One had no idea how much of the ensuing mayhem in the southwestern corner of the continent was all Machigi’s action and how much was his neighbors’ trying to get ahead of the energetic young warlord they had unwittingly put in power.
It was highly likely that Guild had mined a public road and kidnapped a minor who was a civilian, two very illegal acts, according to the rules of the Assassins’ Guild, acts that would get both the perpetrators and the lord they served outlawed. The Guild leadership back in Shejidan was proposing to outlaw Machigi and any Guildsman who served him—a very bad situation for Machigi—on the assumption Machigi had ordered it.
It was one thing for a lord to be Filed upon by someone in particular, like a rival; that meant a small number of the filer’s Assassins might go out with Guild-granted license to take him out.
It was quite another for a lord to have himself and all his bodyguard as well as the perpetrators of the offense outlawed by the Guild; that meant that any and every Guildsman alive, of any house whatsoever, was directed to execute the offenders and the lord who had directed them—on a priority above any other assignment in their local district.
The aiji-dowager
, on the other hand, had judged Machigi had not been responsible for either act. She was trying to get the Guild action stopped, no mean feat, so that her emissary, namely Bren Cameron, could talk to Machigi.

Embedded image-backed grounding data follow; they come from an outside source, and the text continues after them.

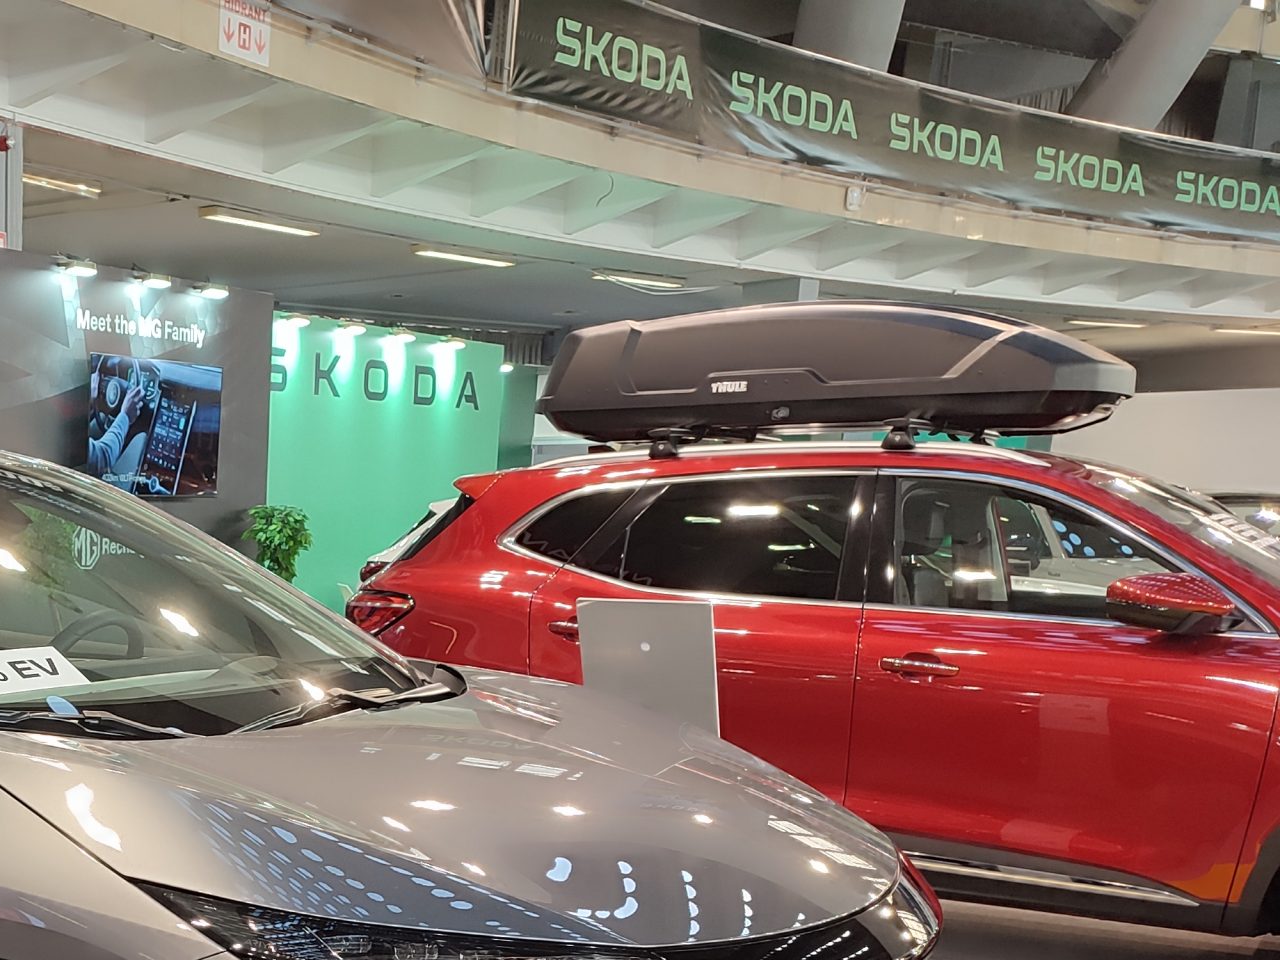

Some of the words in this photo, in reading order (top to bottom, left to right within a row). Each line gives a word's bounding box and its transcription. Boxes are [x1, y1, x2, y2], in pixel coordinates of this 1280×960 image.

[76, 308, 112, 332] Meet
[115, 314, 137, 336] the
[164, 320, 206, 349] Family
[711, 381, 748, 393] THULE
[73, 526, 100, 569] MG
[7, 658, 60, 679] EV

In point of fact, the actions at Najida were as obvious as a bloody handprint left on somebody’s front door—too damned obvious, too clumsy, and too many violations all at once, a score of handprints laid all over Machigi’s operations in the West. Somebody had gone overboard in his attempts to get Machigi in hot water.
And who would both be that reckless of the welfare of the public on the west coast and be likely to profit from Machigi’s demise?

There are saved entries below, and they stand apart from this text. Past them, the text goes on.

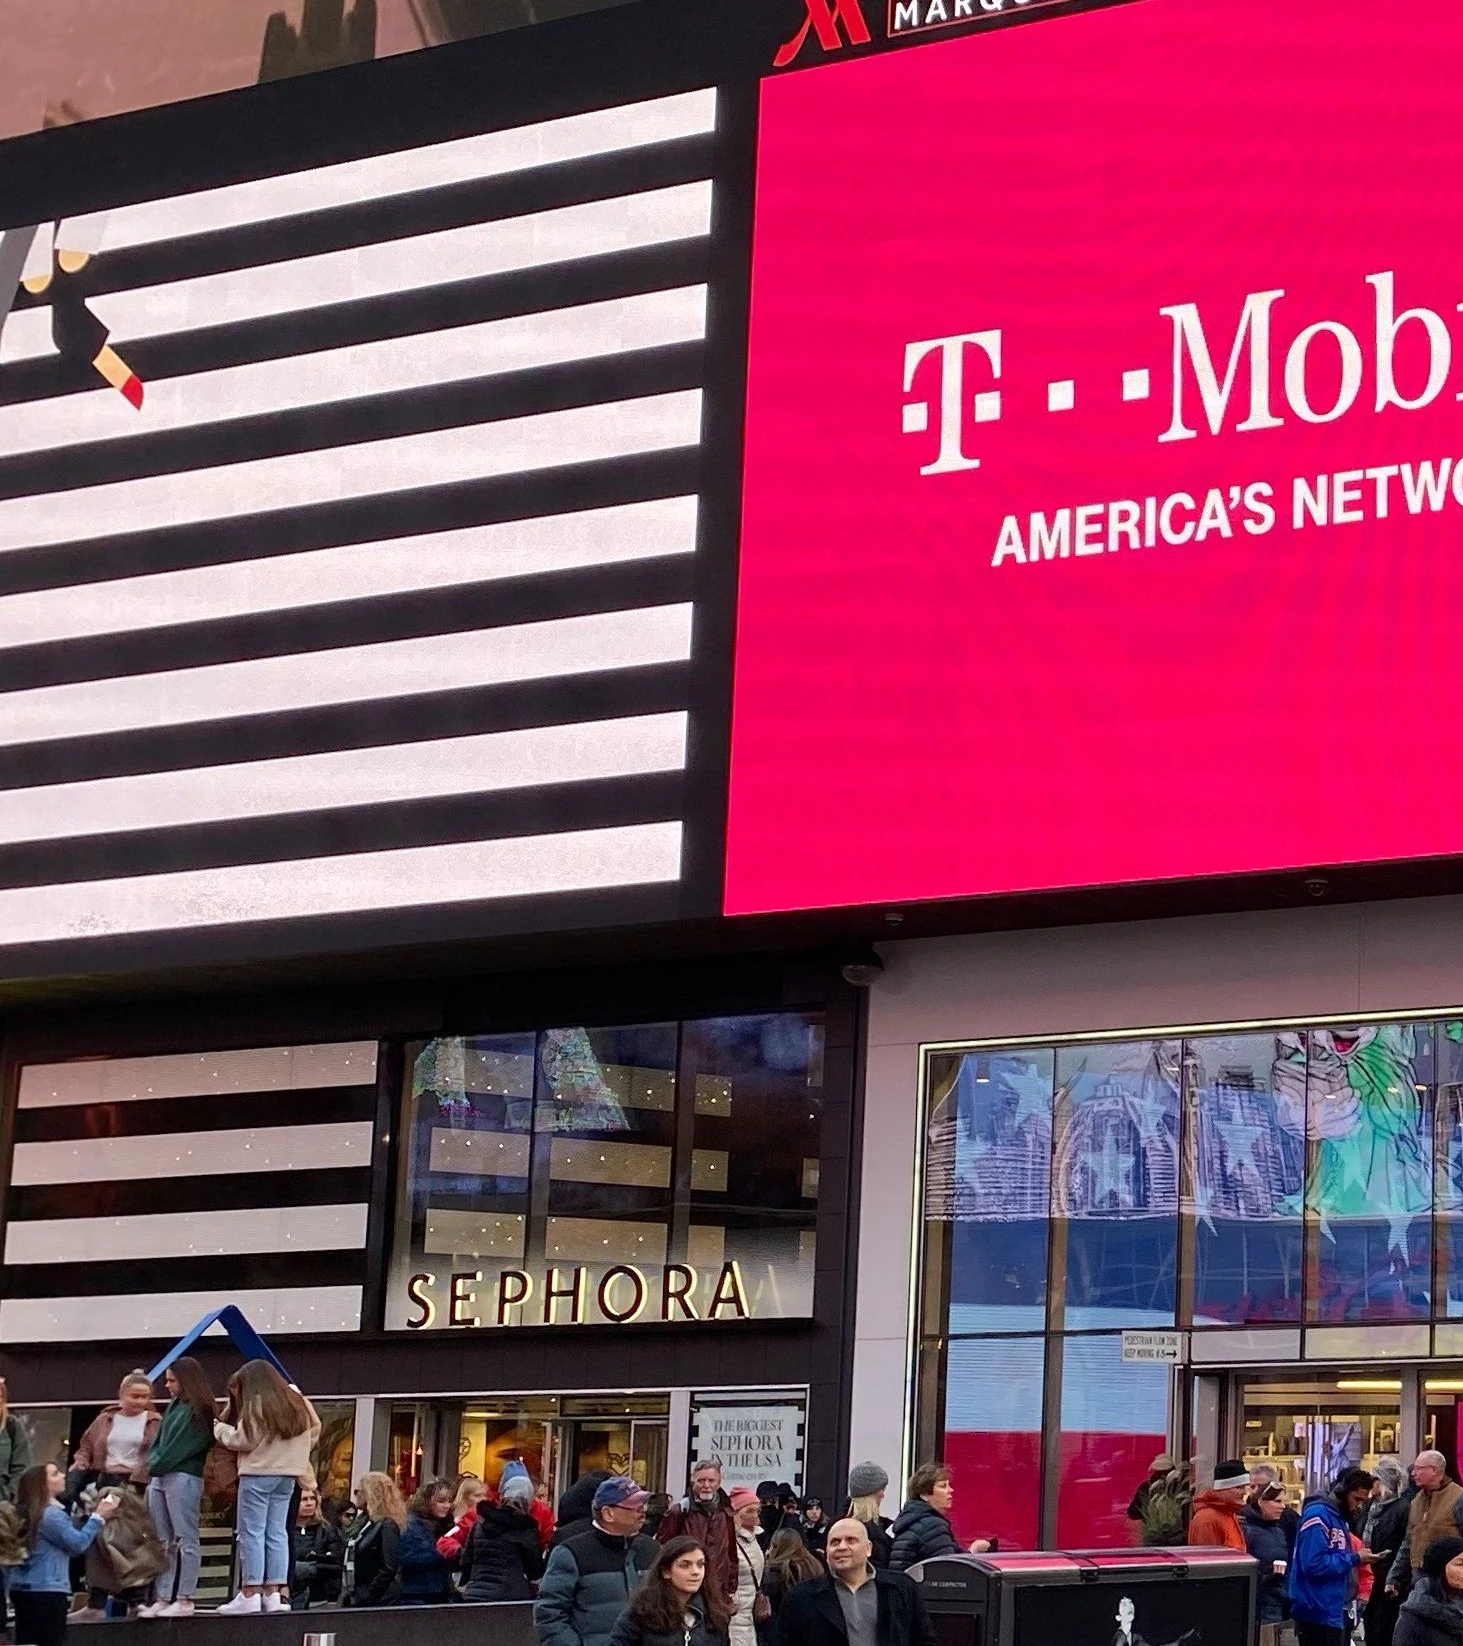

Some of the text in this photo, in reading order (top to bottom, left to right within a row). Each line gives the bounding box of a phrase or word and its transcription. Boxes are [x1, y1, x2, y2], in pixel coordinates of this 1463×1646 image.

[991, 480, 1274, 567] AMERICA'S
[406, 1260, 751, 1330] SEPHORA
[713, 1420, 784, 1432] THE BIGGEST
[711, 1434, 783, 1450] SEPHORA
[727, 1453, 753, 1467] THE
[755, 1453, 782, 1467] USA

There was a short list, comprising the four other lords of the Marid, particularly the two in the north: Senji and Dojisigi.
But even that was not the scariest prospect. The disjointed character of the several attacks argued for a lack of central authority, several groups operating at once.

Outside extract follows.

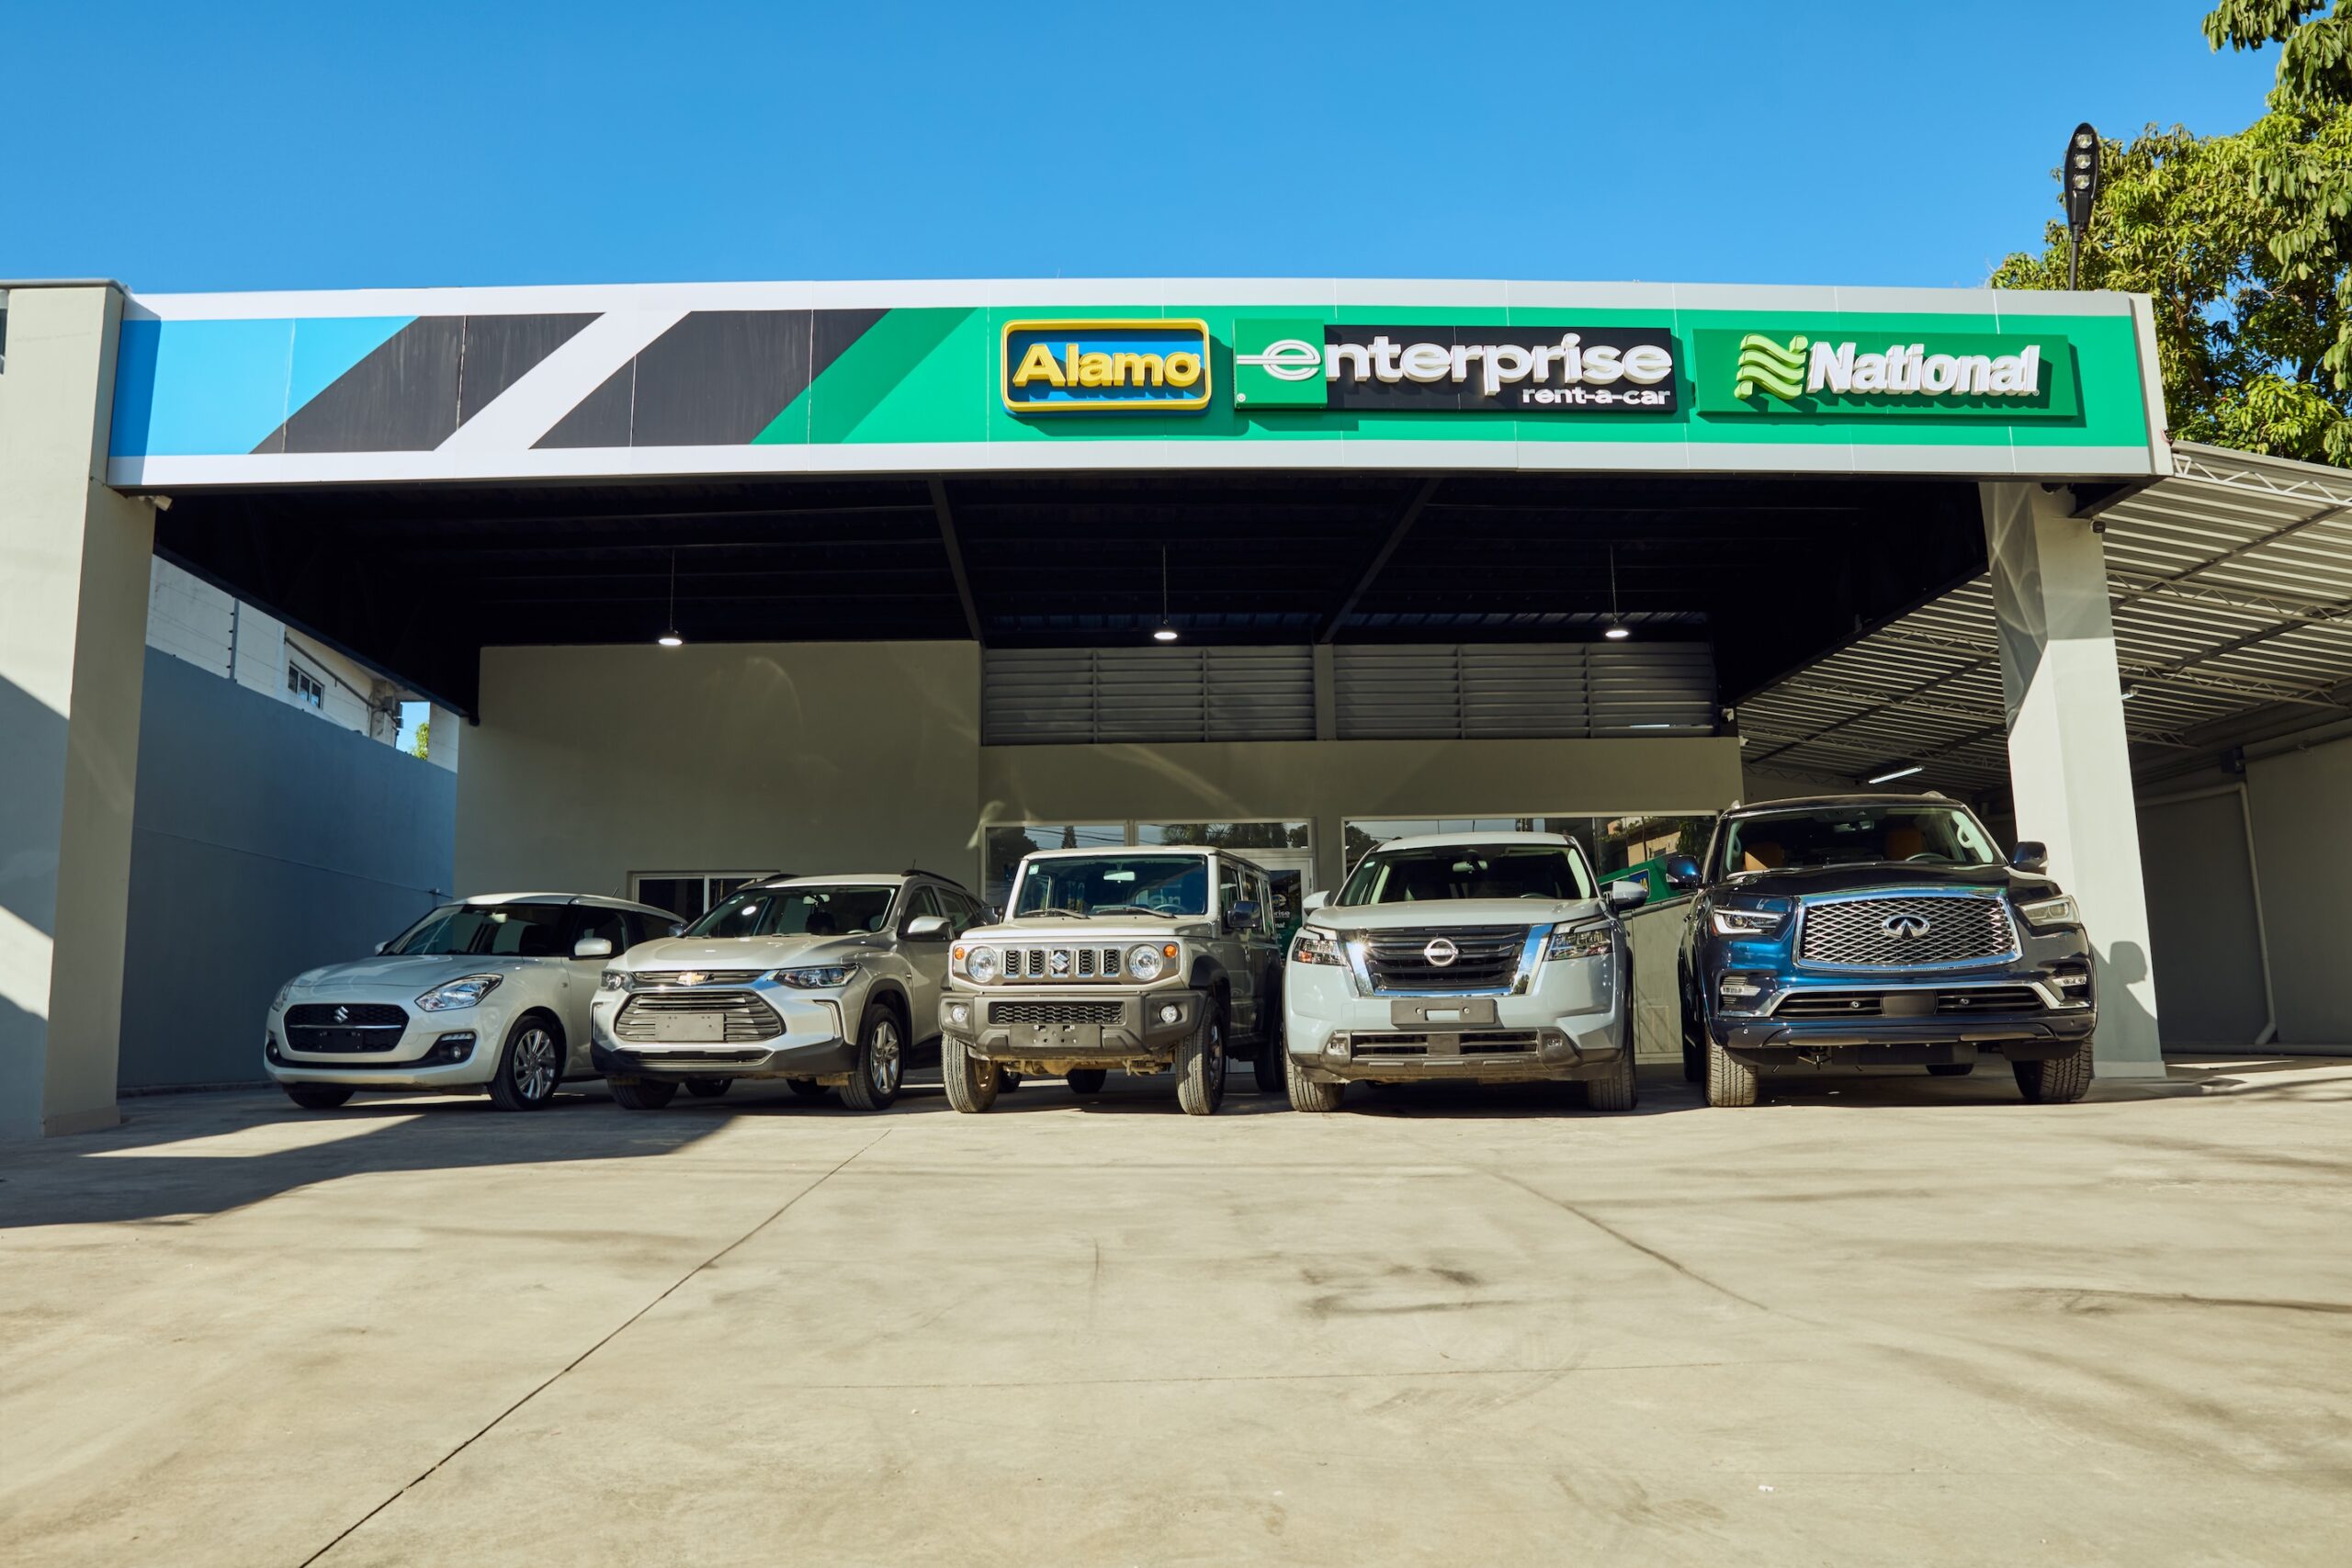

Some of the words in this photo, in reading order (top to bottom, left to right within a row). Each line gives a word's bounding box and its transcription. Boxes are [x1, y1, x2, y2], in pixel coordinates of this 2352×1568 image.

[1012, 343, 1201, 388] Alamo
[1236, 332, 1673, 397] enterprise
[1806, 341, 2041, 397] National
[1521, 386, 1671, 405] rent-a-car

Letting the Guild Council proceed with a declaration of outlawry might have solved the Machigi problem quite nicely—and permanently—except that one of the two likeliest lords behind the trouble would immediately move into the power vacuum, filling the space Machigi had created in the cosmos.
And of those two, neither would be strong enough to keep any sort of peace, even inside the Marid. One would quickly assassinate the other, successors would rise up, the south would split from the north—again. The whole region would be in ferment—again. And whoever was temporarily in command of the Marid might attack the west coast, trying to snatch the power that Machigi had almost had; or he or she might just start a general war with everybody in reach, including, possibly, Tabini-aiji and the rest of the continent.
The whole matter trembled on the edge of chaos, right at a time when the continent was just settling down from the last Marid-sponsored event.